‘The Second Cut’, by Louise Welsh 

Louise Welsh’s sequel to The Cutting Room (2002) is as blistering a comeback as the reader could wish. The reader is returned to the grind(r) and glitz of Glasgow with everyone’s favourite auction house employee, Rilke, based once more in the Bowery and engaging in characteristically adversarial clashes and moments of tenderness with his formidable boss, Rose. 

Rilke is one of crime fiction’s protagonists with a paradox – like his predecessors in John Rebus and Jack Laidlaw he is a man for whom the principle is key even if the manner by which he achieves this is not as clear cut as the legal boundaries which he straddles. He drifts between hook ups, preferring the temporary and fleeting encounters over a longer dalliance, working by day and cruising by night, a bachelor and a night walker. 

Welsh’s opening line – ‘Some things change, some things never change’ – may seem benign yet it anticipates the contrasting aspects of The Second Cut in which numerous familiar faces appear to undertake new and darker challenges in a city which has definitely come to be redefined since 2002 and our last visit. The novel opens with Rilke attending the wedding of ‘the two Bobbys’, Bobby McAndrew and Bobby Burns. He spots his friend JoJo, in funereal clothes and intoxicated after a days-long bender involving booze and boys, at the celebration and promptly steers him to a café bar where his sobriety would be conspicuous for being out of place among the clientele. As they part company, JoJo offers Rilke a tip off about a potentially lucrative house clearance sale and a vial of sexual enhancement chemicals for the newlyweds. The next time Rilke encounters JoJo, he is dead in an alleyway and there the intrigue begins. 
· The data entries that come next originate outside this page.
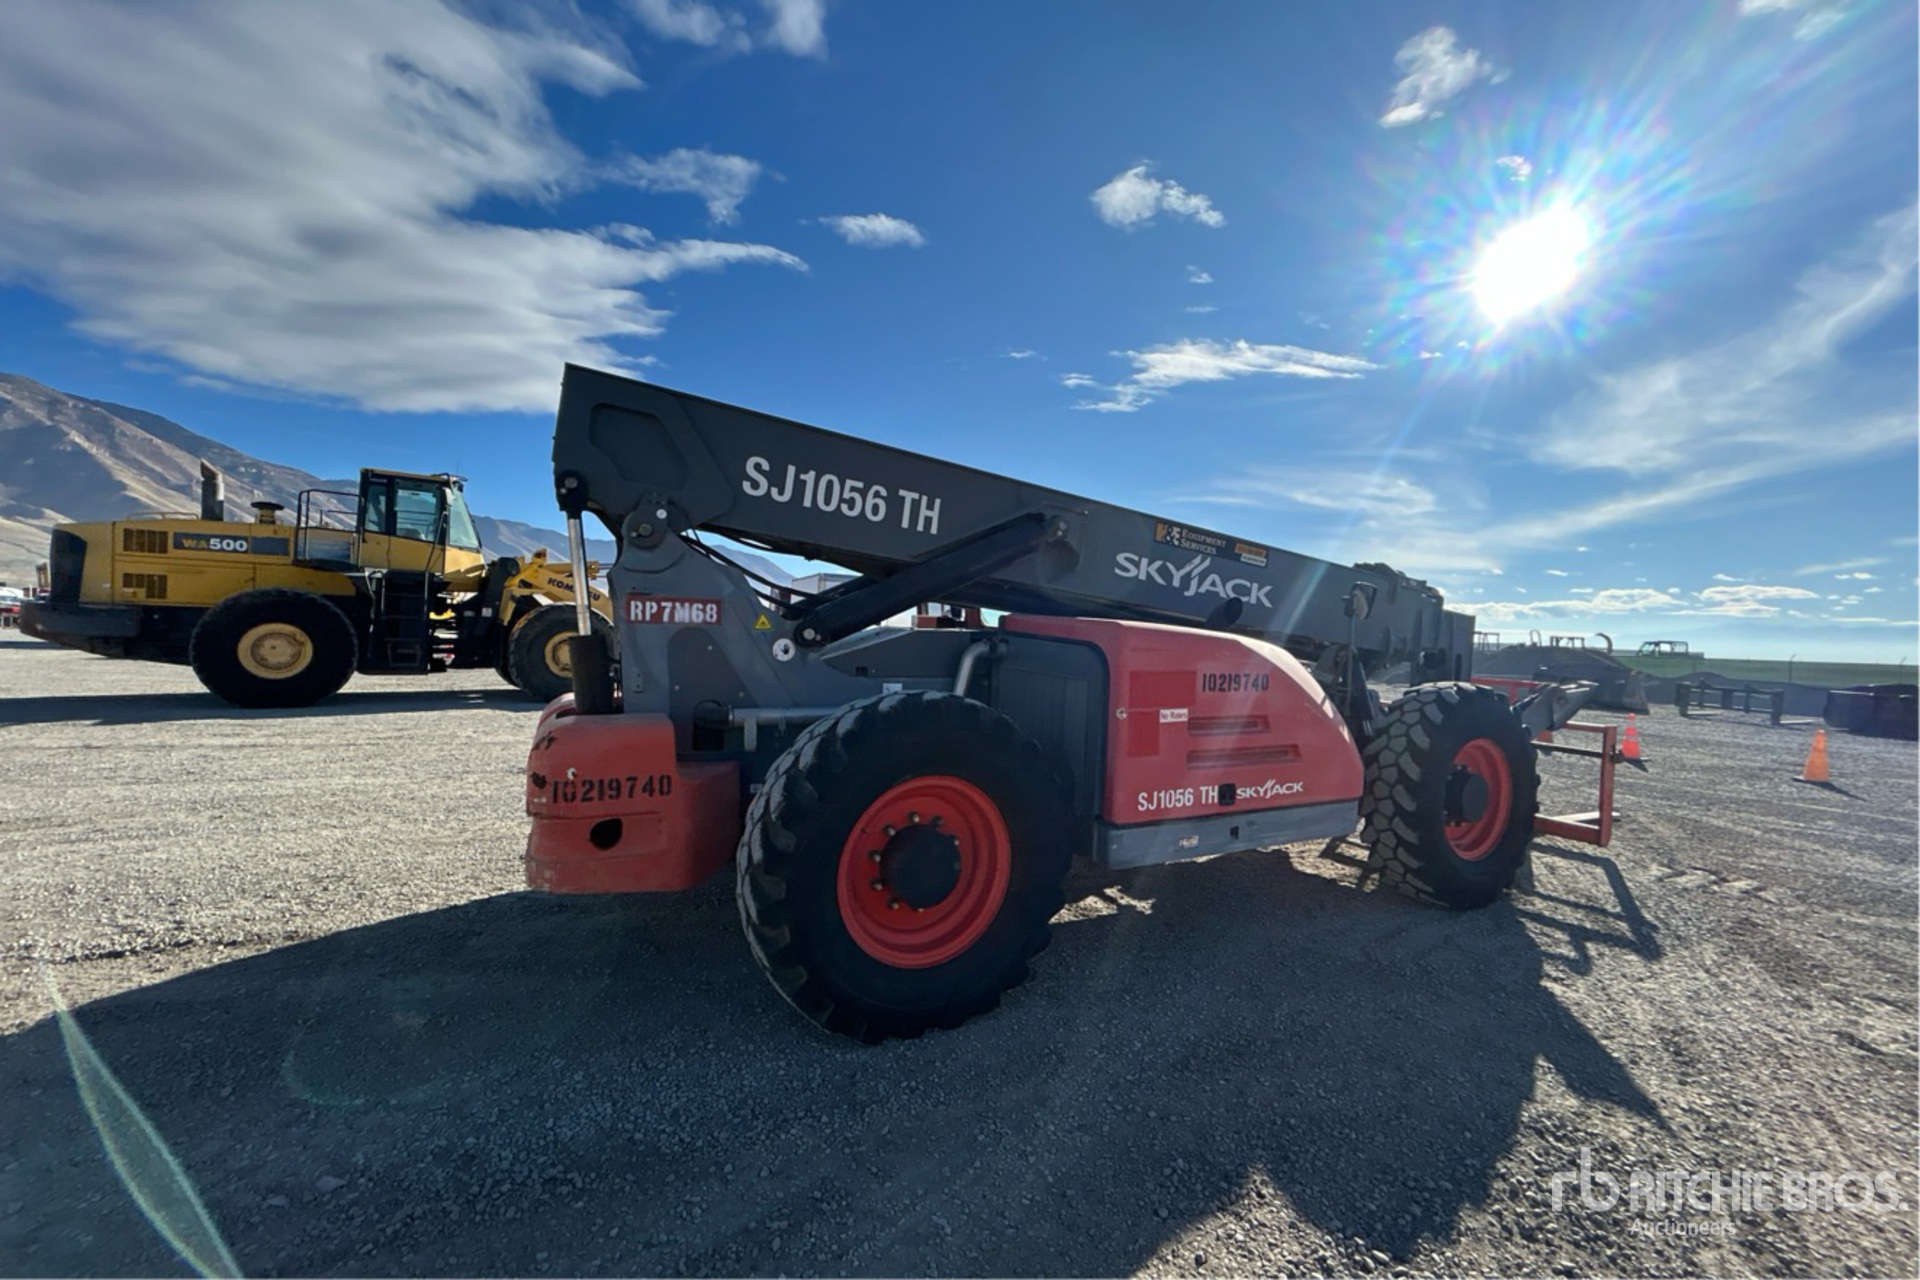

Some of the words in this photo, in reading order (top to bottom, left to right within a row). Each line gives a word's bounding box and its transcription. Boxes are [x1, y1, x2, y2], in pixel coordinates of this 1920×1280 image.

[742, 456, 888, 522] SJ1056
[898, 489, 941, 535] TH
[547, 577, 601, 601] KOMU
[1114, 552, 1273, 608] SKYJACK
[630, 600, 718, 624] RP7M68
[1202, 673, 1269, 692] 10219740
[552, 774, 672, 804] 10219740
[1137, 787, 1194, 811] SJ1056
[1200, 784, 1219, 804] TH
[1236, 779, 1303, 799] SKYJACK
Never one to forget his friends, his creditors and his enemies, JoJo leaves a memento in his flat for Rilke to discover and, separately, during the course of Rilke’s exploring the aristocratic estate and its contents, he unearths a most bizarre object. When it transpires that the sale is being orchestrated by two cousins with whom the local villagers have a querulous and challenging relationship, the tensions and suspicions intensify. Aptly Rilke describes himself as a ‘living memento mori’, alluding to both his profession and his approach to life. Both plotlines (JoJo’s death and the estate sale) are skilfully constructed to ensure the reader is continually questioning whether they are overlaps or clues to the outcome. In order to bring resolution to the murders and violence that are witnessed, Rilke must act as the unofficial officer in this more non-procedural of narratives. Welsh gives her protagonist a line which must stand out for the consummate manner in which it summarises his position: ‘Illegality I can cope with, cruelty I can’t’.  
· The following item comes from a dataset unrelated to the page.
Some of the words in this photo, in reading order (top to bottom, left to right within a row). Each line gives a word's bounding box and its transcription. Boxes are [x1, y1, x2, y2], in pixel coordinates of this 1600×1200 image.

Welsh’s eye for detail comes to the fore once more in her depiction of contemporary Glasgow and queer culture more broadly. References to Grindr and Covid respectively date the technology and contemporary challenges faced in recent years. JoJo introduces Rilke to a more visible scene where homosexuality is intertwined with mass drug-fuelled orgies and those who place less emphasis on aesthetics are still accepted. The graphic scenes where Rilke witnesses the flesh-filled orgies reads with the same dehumanising tone and imagery you’d read in the Earl of Rochester’s poetry or find in a Francis Bacon painting, a mass of entangled limbs and anonymous, dehumanised fucking without concern for pleasure and where the boundaries of sexual acceptance are routinely transgressed and blurred. A community thriving in the wake of the post-lockdown freedoms and enabled by the access provided by dating apps is summed up by Les, a cross-dressing Queer friend of Rilke’s, who quips: ‘We can be anything we want to be’.
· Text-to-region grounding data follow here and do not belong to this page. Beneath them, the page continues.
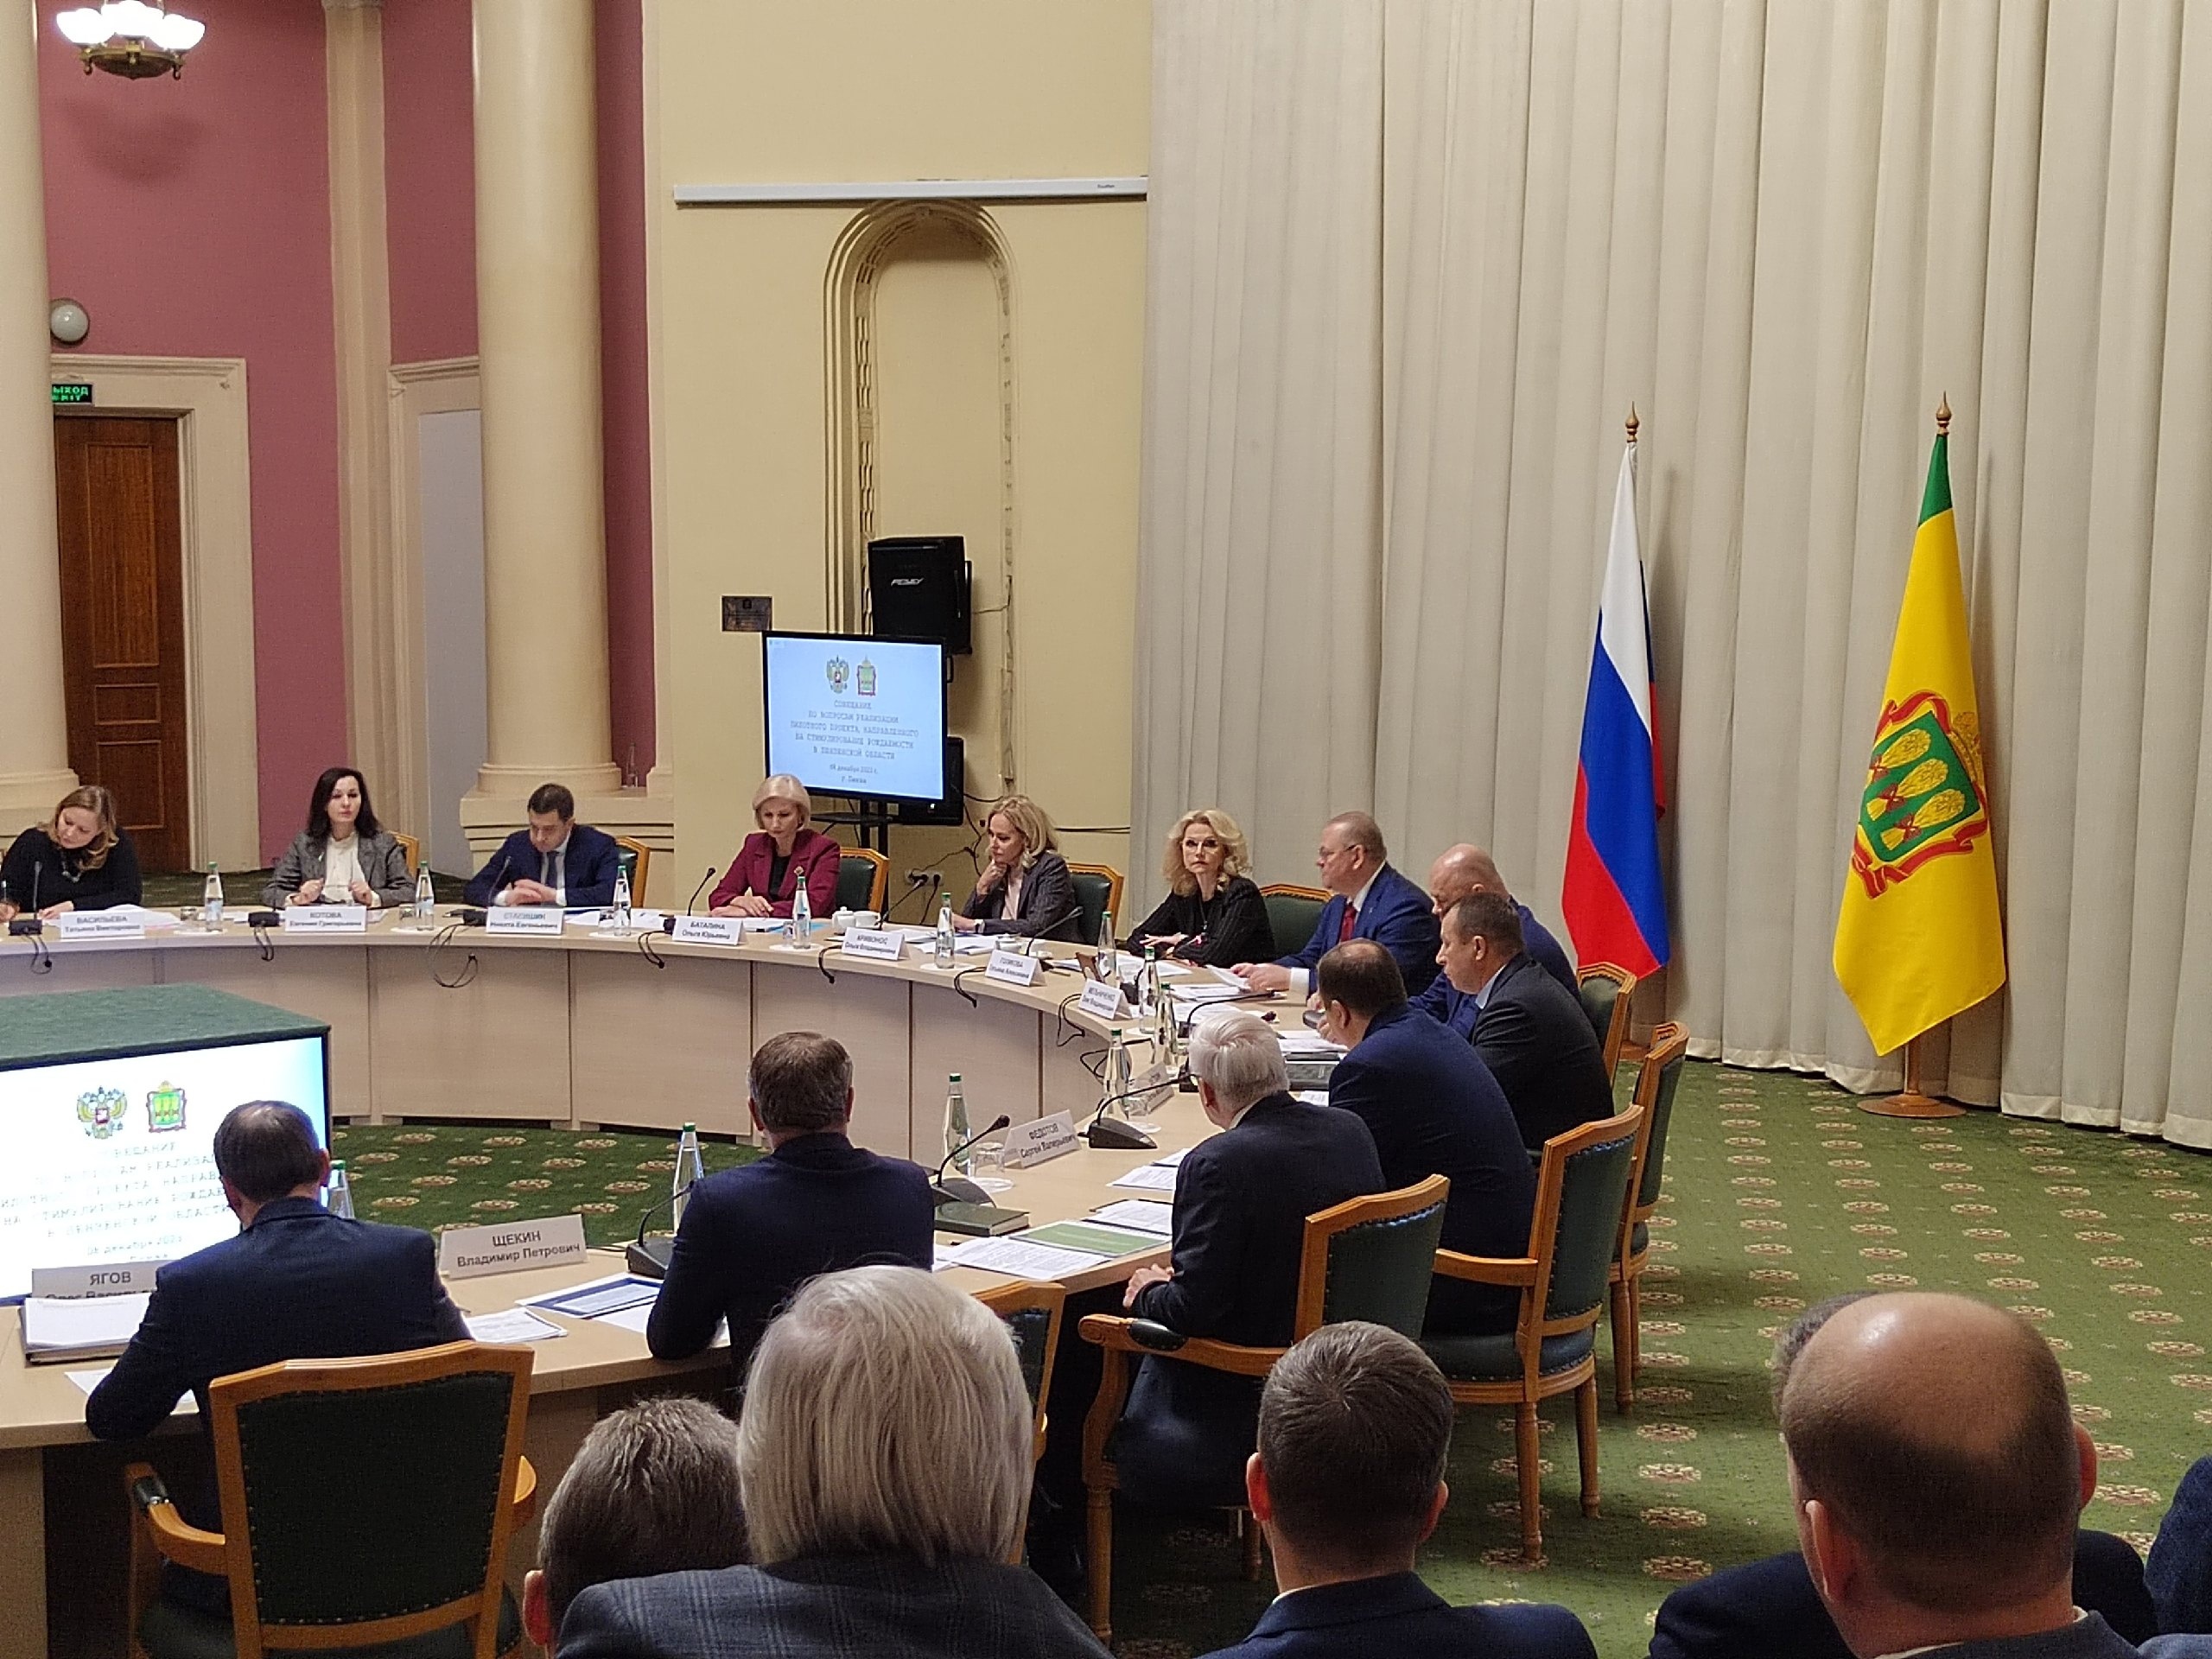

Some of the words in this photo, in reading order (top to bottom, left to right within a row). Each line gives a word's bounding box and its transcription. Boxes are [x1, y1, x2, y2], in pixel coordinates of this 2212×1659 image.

[53, 385, 89, 396] ЫХОД
[1028, 1122, 1059, 1140] ФЕДОТОВ
[492, 1230, 542, 1248] ЩЕКИН
[457, 1252, 520, 1268] Владимир
[523, 1243, 581, 1259] Петрович
[89, 1271, 131, 1286] ЯГОВ
This visibility and prominence of the queer spaces is aptly acknowledged by Welsh in her afterword to the novel and her foregrounding the topic front and centre. She observes ‘equal marriage, increased visibility, access to hate laws, improved awareness of queer and trans rights, more nuanced identity politics’, but her approach to this is one of subtlety and assimilating the changes and improvements into her writing rather than overt activism or politicisation and demanding change through the novels she writes. Welsh successfully navigates the challenges associated with returning to a classic and writing the sequel but in this case the Gothic crime thriller goes above and beyond expectation. Far from rehashing familiar tropes and plotlines, The Second Cut takes the reader down into the darkness and resists arrest in terms of trying to pigeonhole the novel as a straight sequel. From Glasgow with love it most certainly is not but it is clear that Welsh has found an open, fertile seam with Rilke and is determined to mine it. I for one look forward to the trilogy.